▸ Record extracts:
_ _ _ _ _

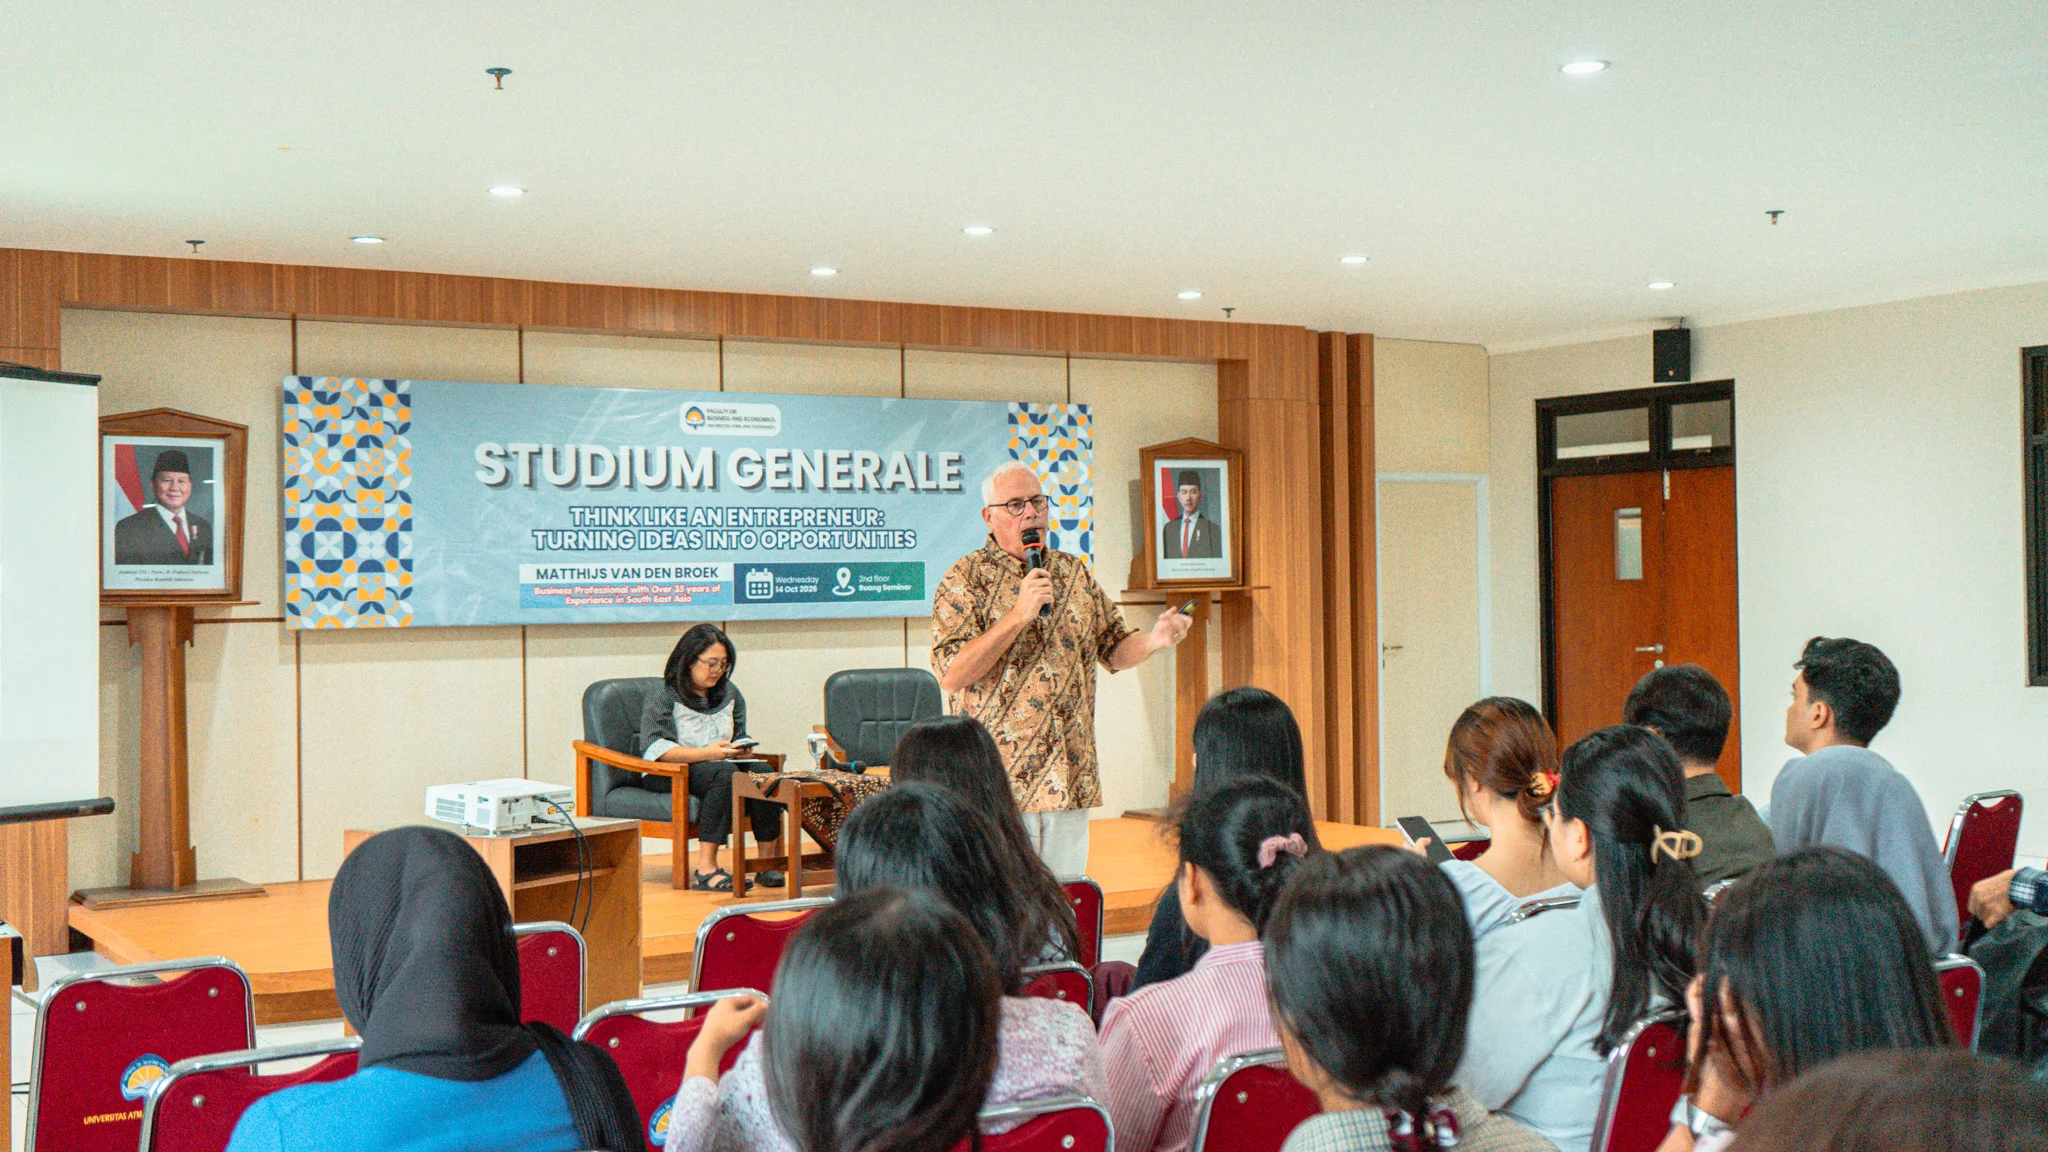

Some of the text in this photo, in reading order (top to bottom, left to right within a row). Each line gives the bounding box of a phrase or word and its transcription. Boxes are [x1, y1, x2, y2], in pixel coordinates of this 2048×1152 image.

[474, 442, 964, 492] STUDIUM GENERALE
[569, 506, 885, 527] THINK LIKE AN ENTREPRENEUR:
[532, 529, 917, 550] TURNING IDEAS INTO OPPORTUNITIES
[536, 567, 719, 580] MATTHIJS VAN DEN BROEK
[858, 575, 890, 583] 2nd floor
[775, 576, 820, 585] Wednesday
[533, 585, 573, 595] Business
[574, 585, 629, 595] Professional
[630, 584, 649, 594] with
[652, 584, 672, 594] Over
[686, 586, 711, 595] years
[711, 583, 721, 593] of
[784, 585, 798, 593] Oct
[858, 583, 912, 593] Ruang Seminar
[565, 594, 692, 606] Experience in South East Asia
[83, 1110, 143, 1125] UNIVERSITAS ATM

_ _ _ _ _

▸ Task brief: An exact reproduction of the material is needed, without its images.

▸ Written answer:
Some of the text in this photo, in reading order (top to bottom, left to right within a row). Each line gives the bounding box of a phrase or word and its transcription. Boxes are [x1, y1, x2, y2], in pixel coordinates of this 2048×1152 image.

[474, 442, 964, 492] STUDIUM GENERALE
[569, 506, 885, 527] THINK LIKE AN ENTREPRENEUR:
[532, 529, 917, 550] TURNING IDEAS INTO OPPORTUNITIES
[536, 567, 719, 580] MATTHIJS VAN DEN BROEK
[858, 575, 890, 583] 2nd floor
[775, 576, 820, 585] Wednesday
[533, 585, 573, 595] Business
[574, 585, 629, 595] Professional
[630, 584, 649, 594] with
[652, 584, 672, 594] Over
[686, 586, 711, 595] years
[711, 583, 721, 593] of
[784, 585, 798, 593] Oct
[858, 583, 912, 593] Ruang Seminar
[565, 594, 692, 606] Experience in South East Asia
[83, 1110, 143, 1125] UNIVERSITAS ATM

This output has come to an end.